News & events

BERICHT_ALGEMEEN

01/09/2015

Het einde van een opstalrecht : niet zonder fiscale gevolgen

Een veel gebruikte techniek om als vennootschap een onroerend goed op te richten is het gebruik van een opstalrecht waarbij de natuurlijke persoon – gewoonlijk een zaakvoerder of bestuurder van de vennootschap - een opstalrecht geeft aan de vennootschap voor het oprichten van een gebouw.

 

De vraag is evenwel wat de fiscale gevolgen zijn bij het verstrijken van het opstalrecht, wanneer gronden en gebouwen in de privé eigendom terecht komen.

 

1. Het opstalrecht
Het opstalrecht vormt een uitzondering op het recht van natrekking, dat inhoudt dat de eigenaar van de grond ook eigenaar is van al hetgeen erop is gebouwd.

 

Bij een opstalrecht hebben de gebouwen een andere eigenaar dan de grondeigenaar. Er is sprake van een horizontale eigendomssplitsing.

 

Na het verstrijken van het opstalrecht, wordt de grondeigenaar (opstalgever) automatisch eigenaar van de opstallen.

 

De wet voorziet dat de opstalgever op dat moment een vergoeding moet betalen die gelijk is aan de waarde van de opstellen.

 

Contractueel kan deze vergoeding echter worden uitgesloten.

 

Het verwerven van de gebouwen na het einde van het opstalrecht verloopt dus in principe automatisch.

 

Het grote probleem in dit geval schuilt echter in de fiscale gevolgen die hieraan kunnen gekoppeld worden.

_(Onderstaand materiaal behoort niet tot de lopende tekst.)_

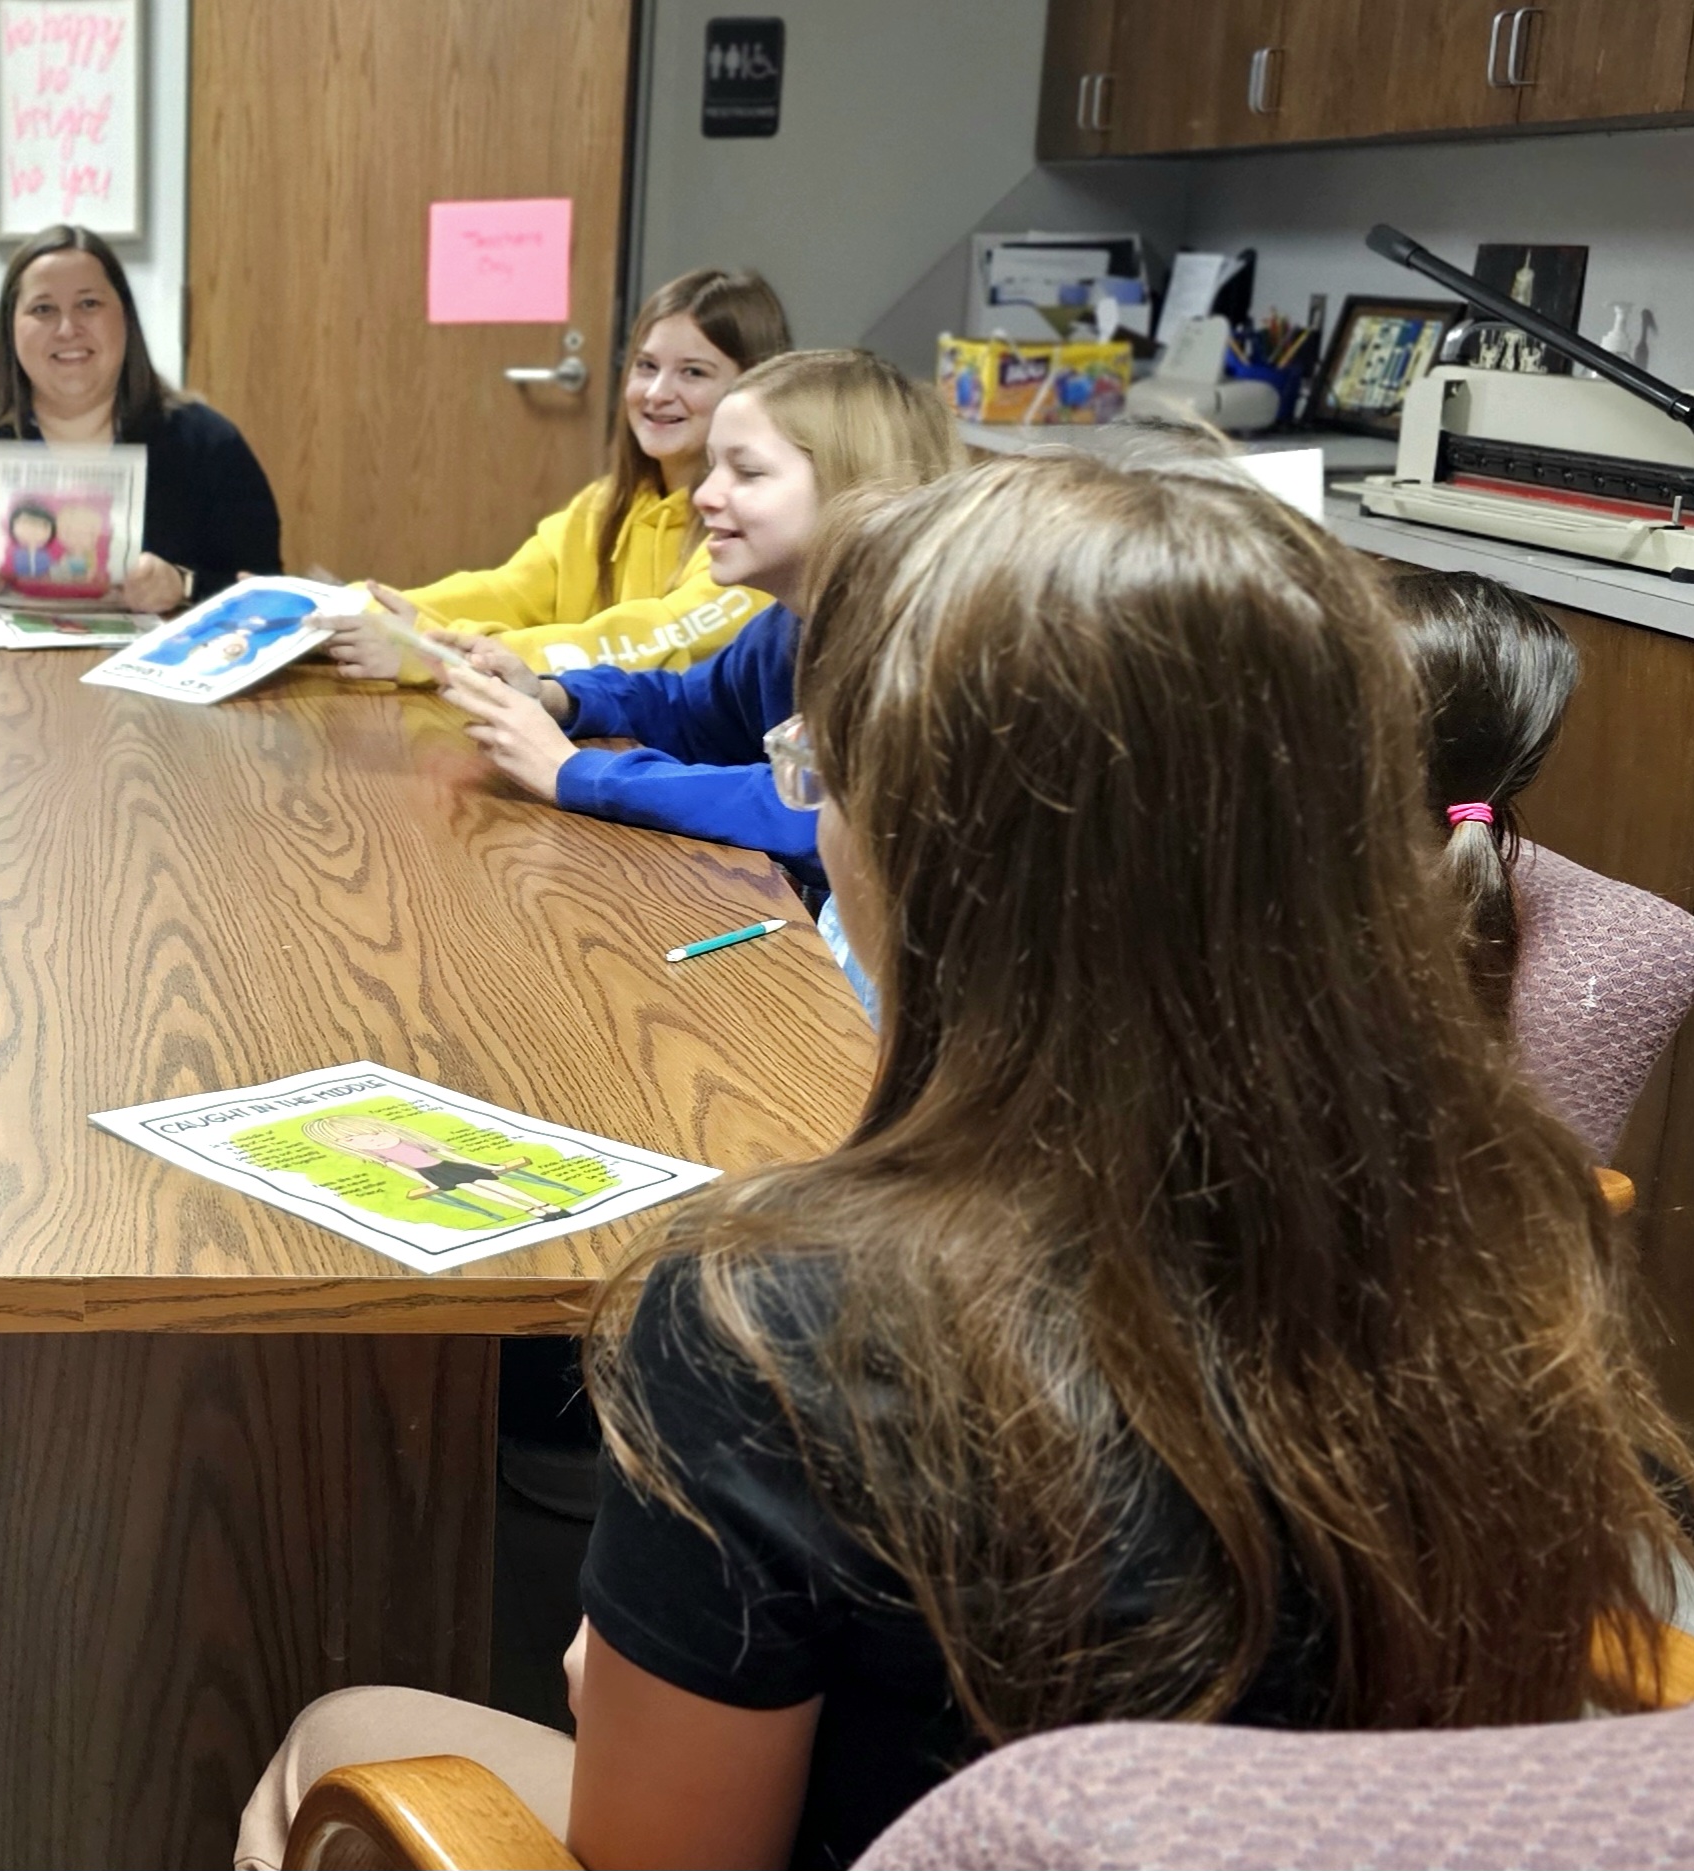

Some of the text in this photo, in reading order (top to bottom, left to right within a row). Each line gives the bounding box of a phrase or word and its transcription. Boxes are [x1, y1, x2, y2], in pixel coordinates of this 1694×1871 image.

[160, 1079, 387, 1134] CAUGHT IN THE MIDDLE

De fiscus bekijkt deze constructies immers met argusogen.


2. Personenbelasting
Een eerste probleem stelt zich naar personenbelasting toe.


Zoals al aangehaald kan overeengekomen worden dat de opstalgever na afloop van het opstalrecht, de gebouwen verwerft zonder vergoeding.

 

De fiscus beschouwt dit echter als een voordeel van alle aard in de personenbelasting.


Immers ontvangt de opstalgever als het ware gratis gebouwen van de vennootschap.


Het is wel aan de fiscus om aan te tonen dat de kosteloze verwerving van de gebouwen voortvloeit uit de hoedanigheid van zaakvoerder of bestuurder van de vennootschap.

 

Er kan dus aan de heffing in de personenbelasting ontkomen worden indien u kan aantonen dat het opstalrecht, en dus de naderhandse verwerving van de gebouwen, geen verband houden met uw functie als bestuurder in de vennootschap.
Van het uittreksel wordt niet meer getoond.